What is expected: Produce an exact transcription of the data, with the images left out.

Records contained in a dataset:
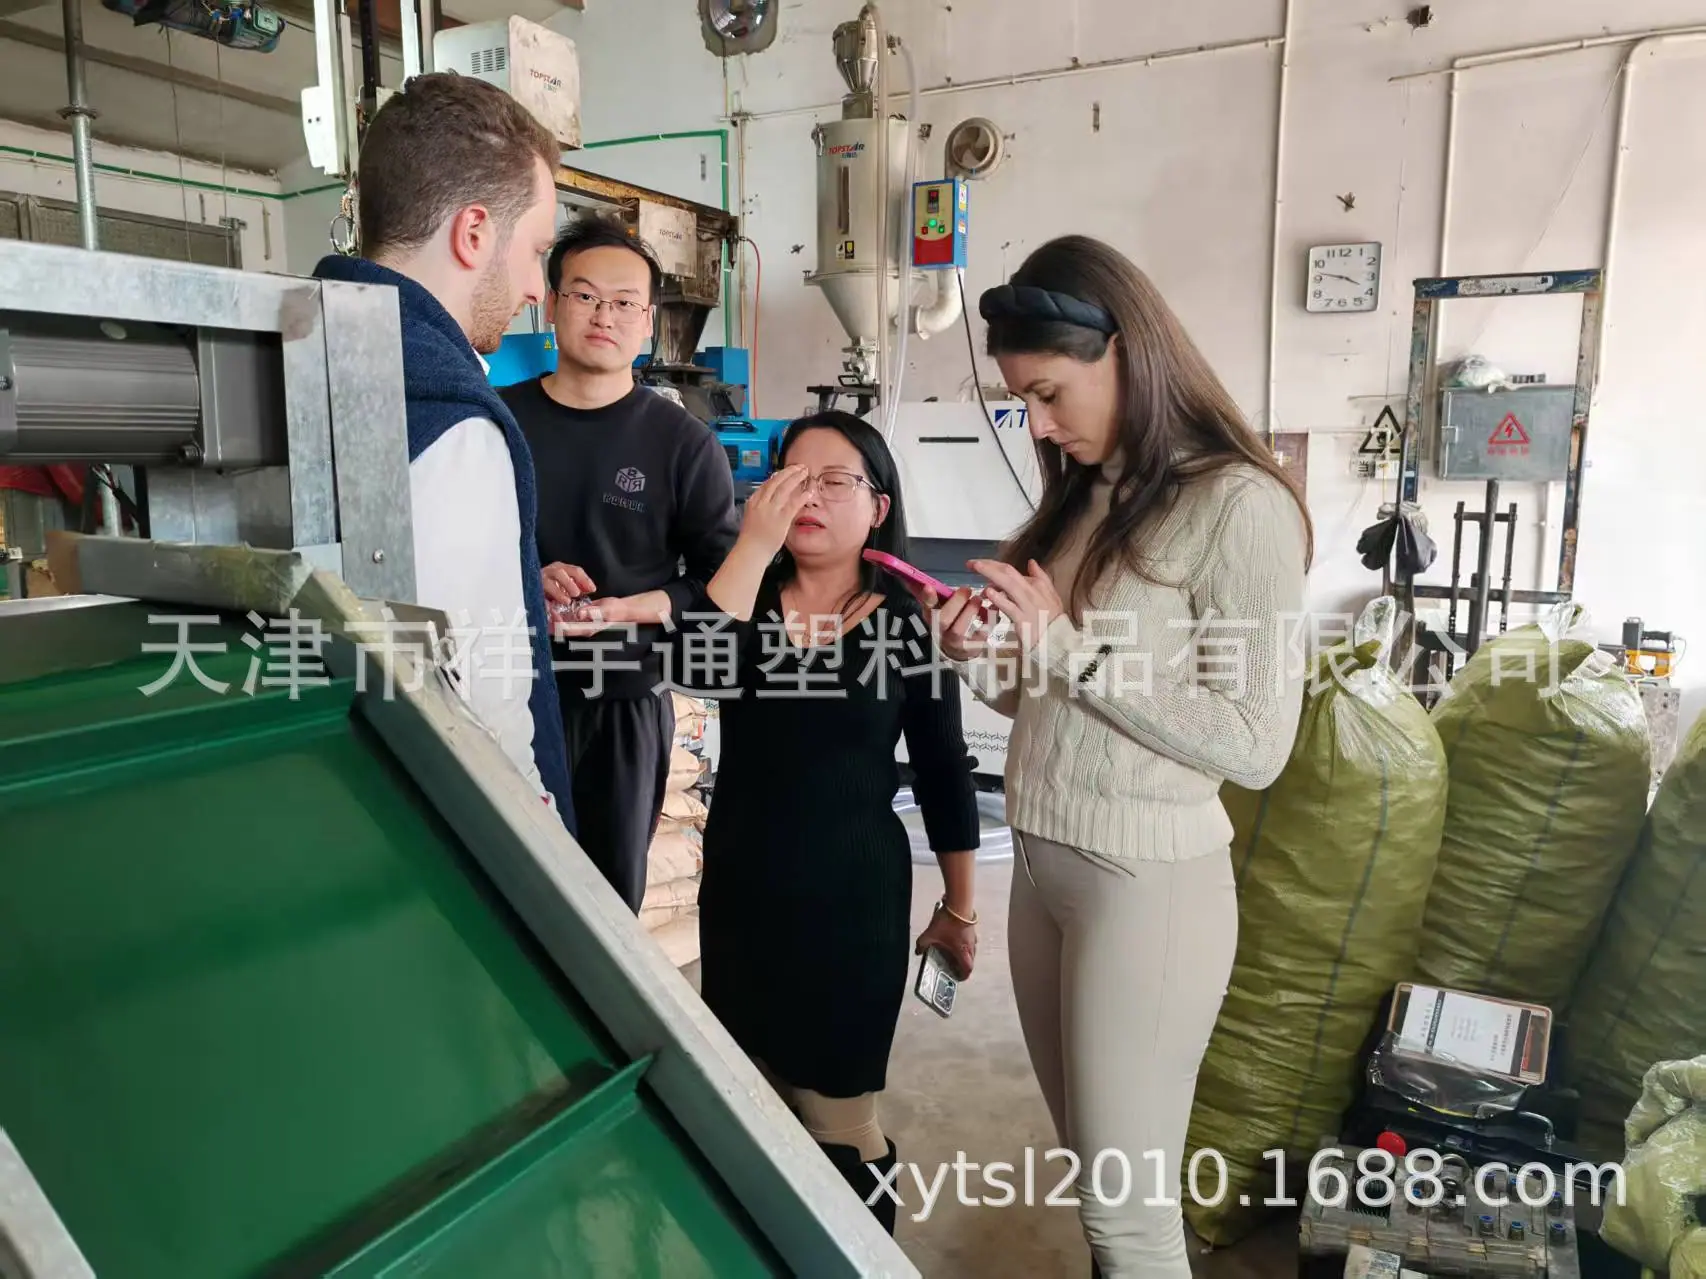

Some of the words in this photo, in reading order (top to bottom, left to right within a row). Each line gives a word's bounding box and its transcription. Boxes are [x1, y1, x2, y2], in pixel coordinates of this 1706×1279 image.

[1339, 247, 1352, 258] 12
[1314, 259, 1325, 269] 10
[1367, 256, 1376, 266] 2
[1364, 287, 1374, 296] 4
[1324, 298, 1333, 307] 7
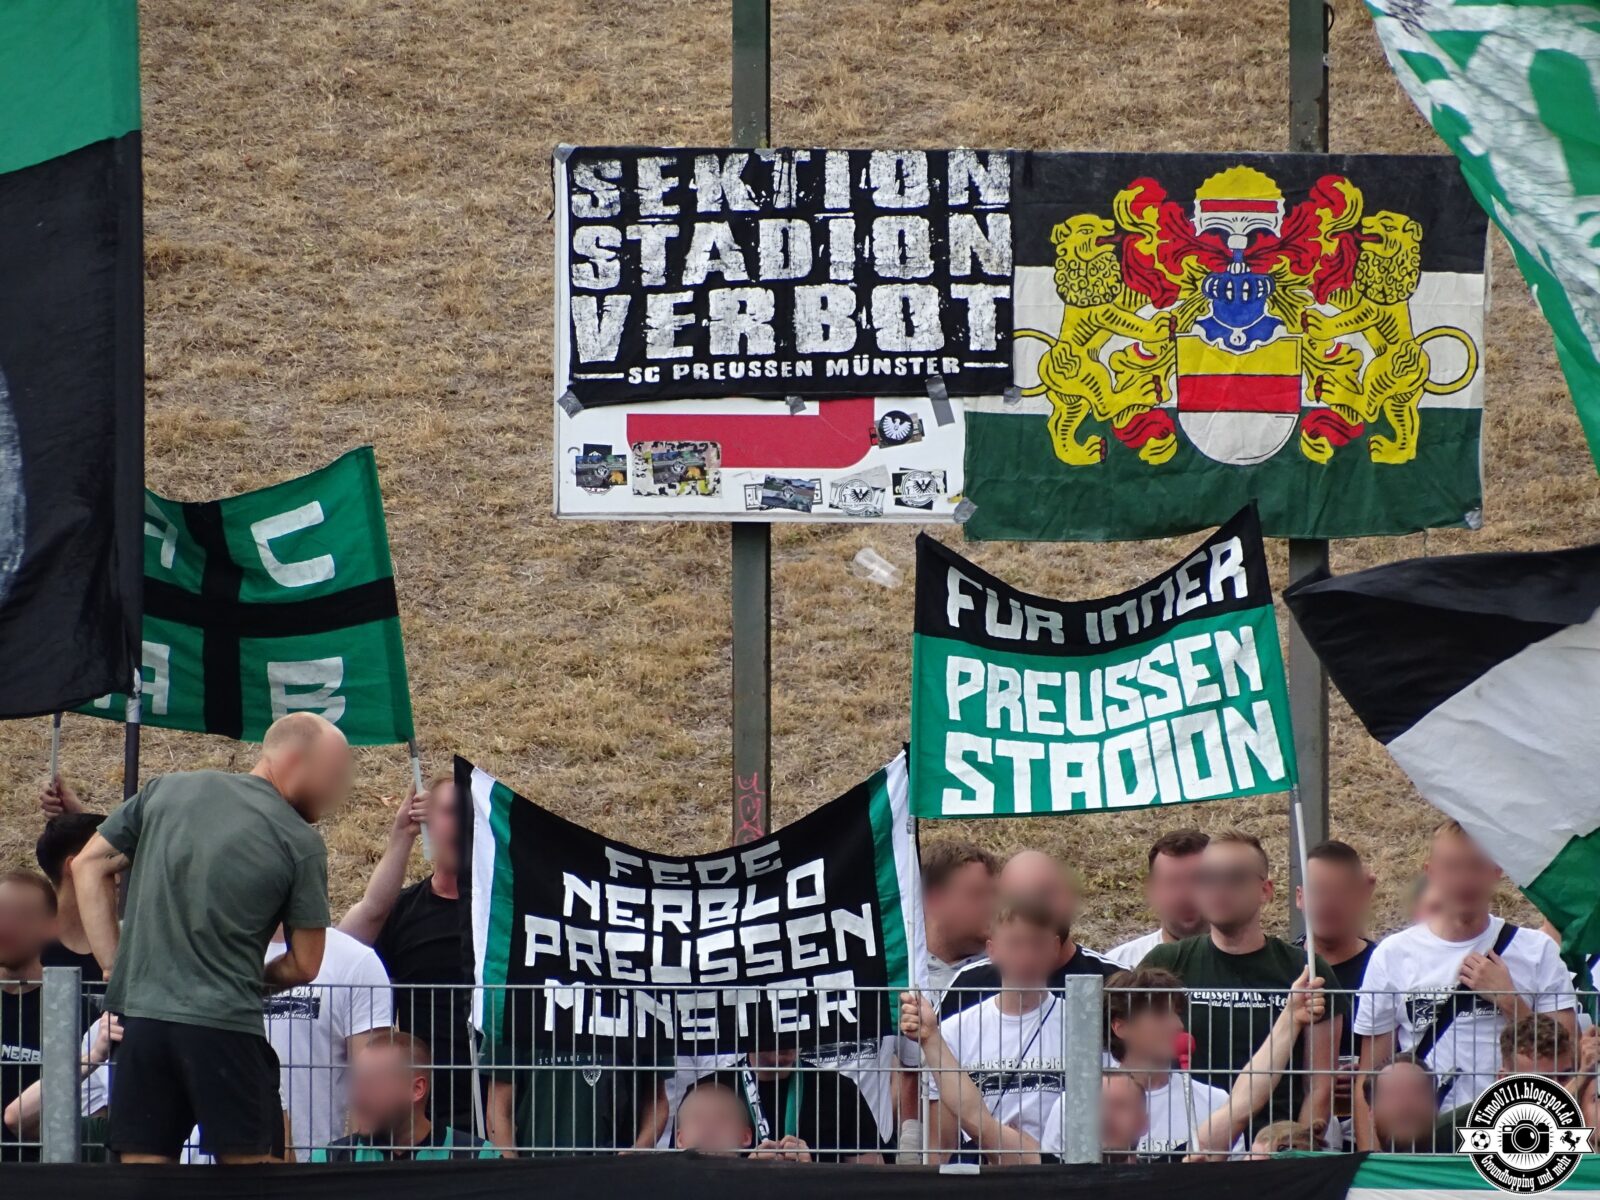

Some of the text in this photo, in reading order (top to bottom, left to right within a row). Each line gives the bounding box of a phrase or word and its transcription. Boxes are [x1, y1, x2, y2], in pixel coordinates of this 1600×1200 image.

[571, 149, 1010, 218] SEKTION
[571, 212, 1012, 289] STADION
[571, 283, 1010, 363] VERBOT
[628, 355, 960, 384] SC PREUSSEN MÜNSTER
[946, 536, 1248, 645] FÜR IMMER
[946, 625, 1264, 736] PREUSSEN
[941, 700, 1285, 816] STADION
[562, 858, 826, 934] NERBLO
[605, 840, 782, 885] FEDE
[524, 903, 876, 983] PREUSSEN
[544, 970, 858, 1040] MÜNSTER
[1, 1044, 41, 1062] NERB
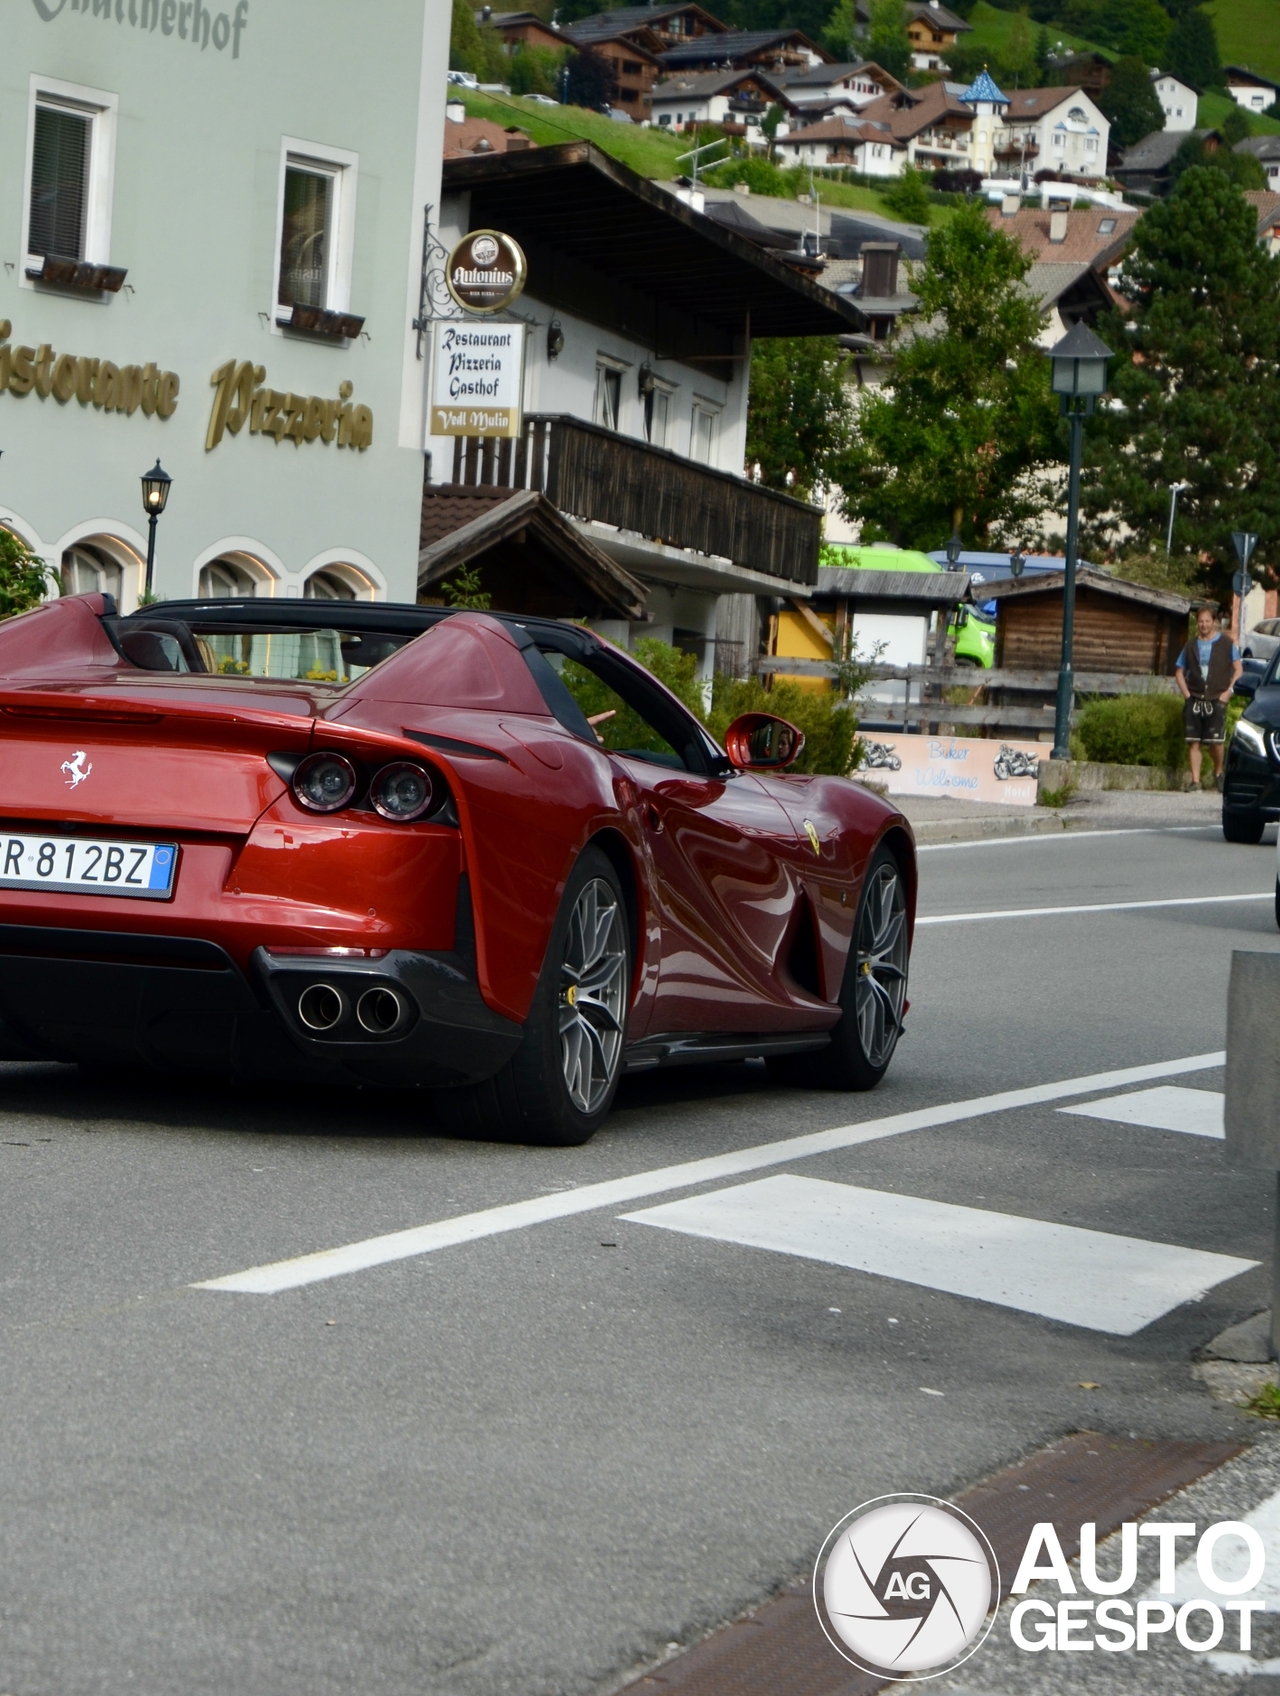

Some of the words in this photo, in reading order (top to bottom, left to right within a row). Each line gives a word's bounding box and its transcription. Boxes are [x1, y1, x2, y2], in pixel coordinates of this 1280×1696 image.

[453, 267, 513, 285] Antonius
[442, 328, 511, 351] Restaurant
[449, 352, 502, 375] Pizzeria
[449, 376, 499, 400] Gasthof
[205, 358, 373, 450] Pizzeria
[437, 410, 466, 430] Vedl
[470, 411, 509, 431] Mulin
[927, 740, 969, 761] Biker
[915, 768, 979, 789] Welcome
[1004, 785, 1031, 798] Hotel
[36, 842, 148, 885] 812BZ
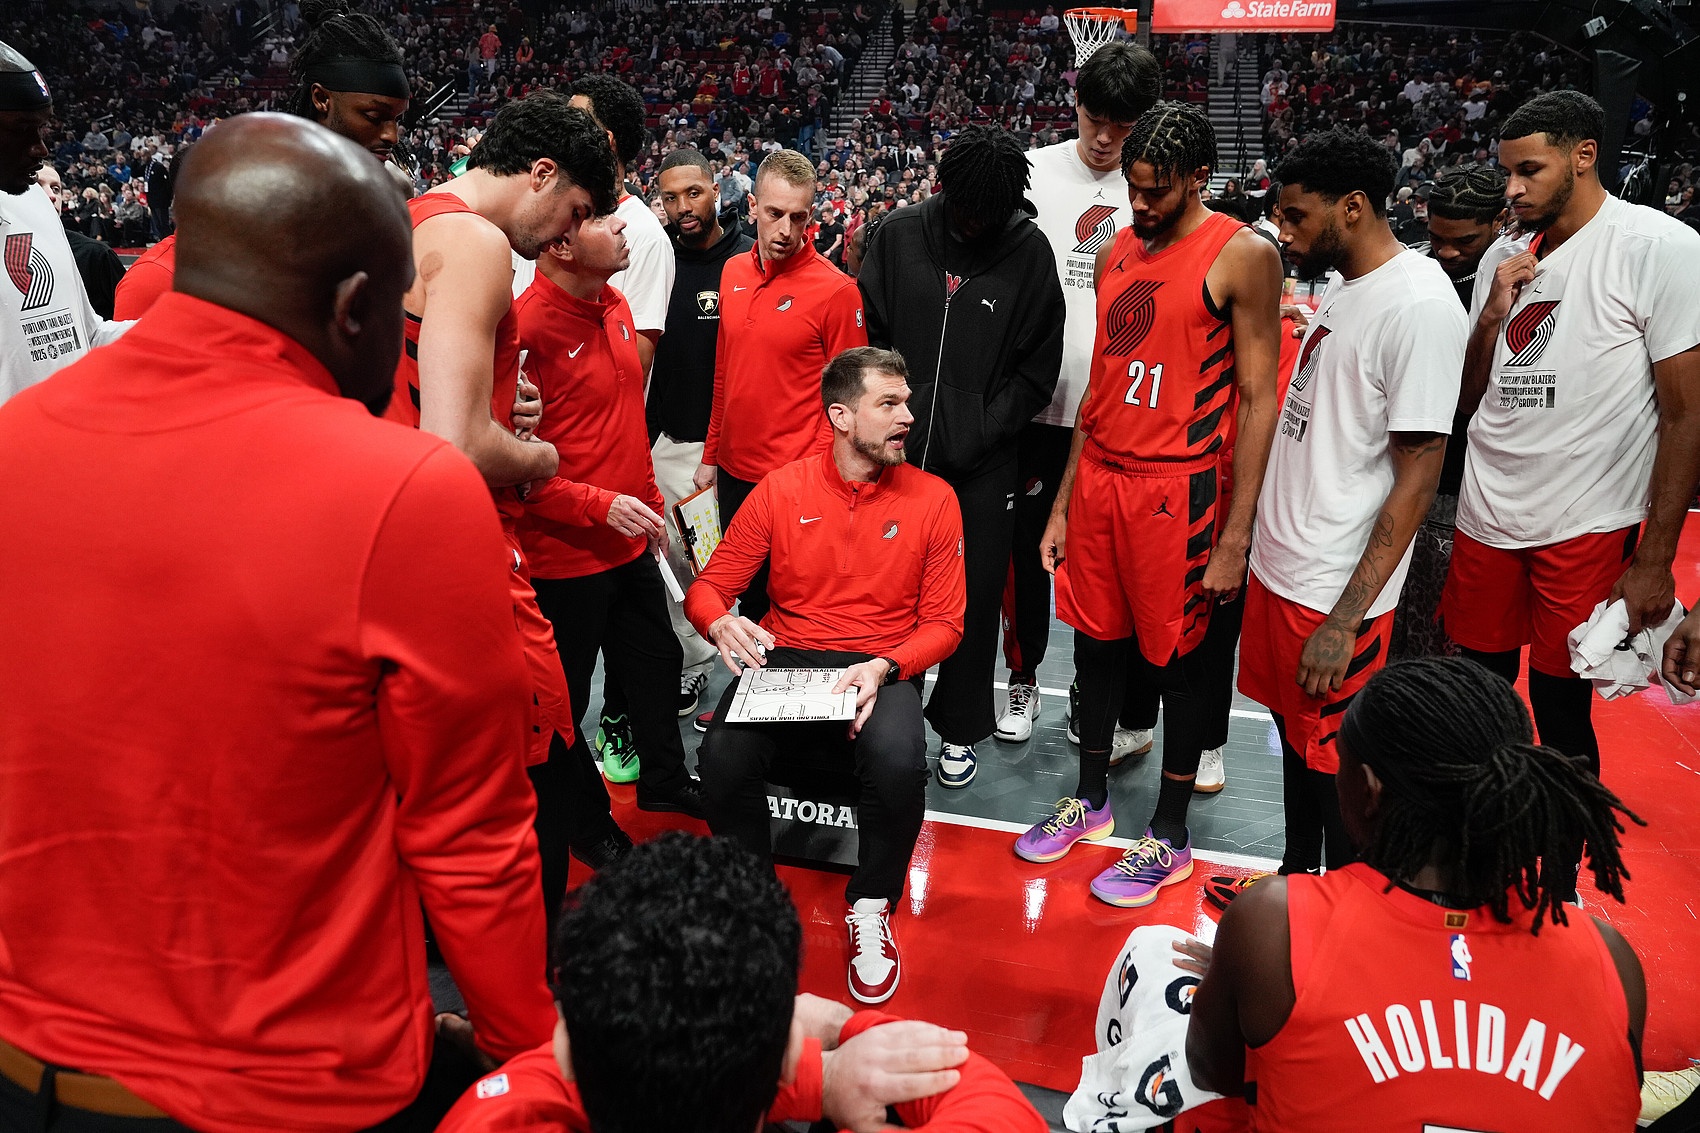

Your response:
Some of the words in this photo, in reading order (top to bottom, left to right within a row). Each line gives a word's bounding box and its transcription. Boxes are [x1, y1, x2, y2], in pixel coordinates of this 1706×1279 image.

[1339, 247, 1352, 258] 12
[1314, 259, 1325, 269] 10
[1367, 256, 1376, 266] 2
[1364, 287, 1374, 296] 4
[1324, 298, 1333, 307] 7

Some of the text in this photo, in reading order (top to bottom, left to right within a row). Each line gives the bounding box of a phrase or word and its transcription. Boxes are [x1, y1, x2, y2], in pixel coordinates of this 1600×1200 image.

[571, 149, 1010, 218] SEKTION
[571, 212, 1012, 289] STADION
[571, 283, 1010, 363] VERBOT
[628, 355, 960, 384] SC PREUSSEN MÜNSTER
[946, 536, 1248, 645] FÜR IMMER
[946, 625, 1264, 736] PREUSSEN
[941, 700, 1285, 816] STADION
[562, 858, 826, 934] NERBLO
[605, 840, 782, 885] FEDE
[524, 903, 876, 983] PREUSSEN
[544, 970, 858, 1040] MÜNSTER
[1, 1044, 41, 1062] NERB

Some of the words in this photo, in reading order (top to bottom, left to right within a row). Each line gives a word's bounding box and its transcription. Boxes are [x1, y1, x2, y2], in pixel coordinates of this 1280×1696 image.

[453, 267, 513, 285] Antonius
[442, 328, 511, 351] Restaurant
[449, 352, 502, 375] Pizzeria
[449, 376, 499, 400] Gasthof
[205, 358, 373, 450] Pizzeria
[437, 410, 466, 430] Vedl
[470, 411, 509, 431] Mulin
[927, 740, 969, 761] Biker
[915, 768, 979, 789] Welcome
[1004, 785, 1031, 798] Hotel
[36, 842, 148, 885] 812BZ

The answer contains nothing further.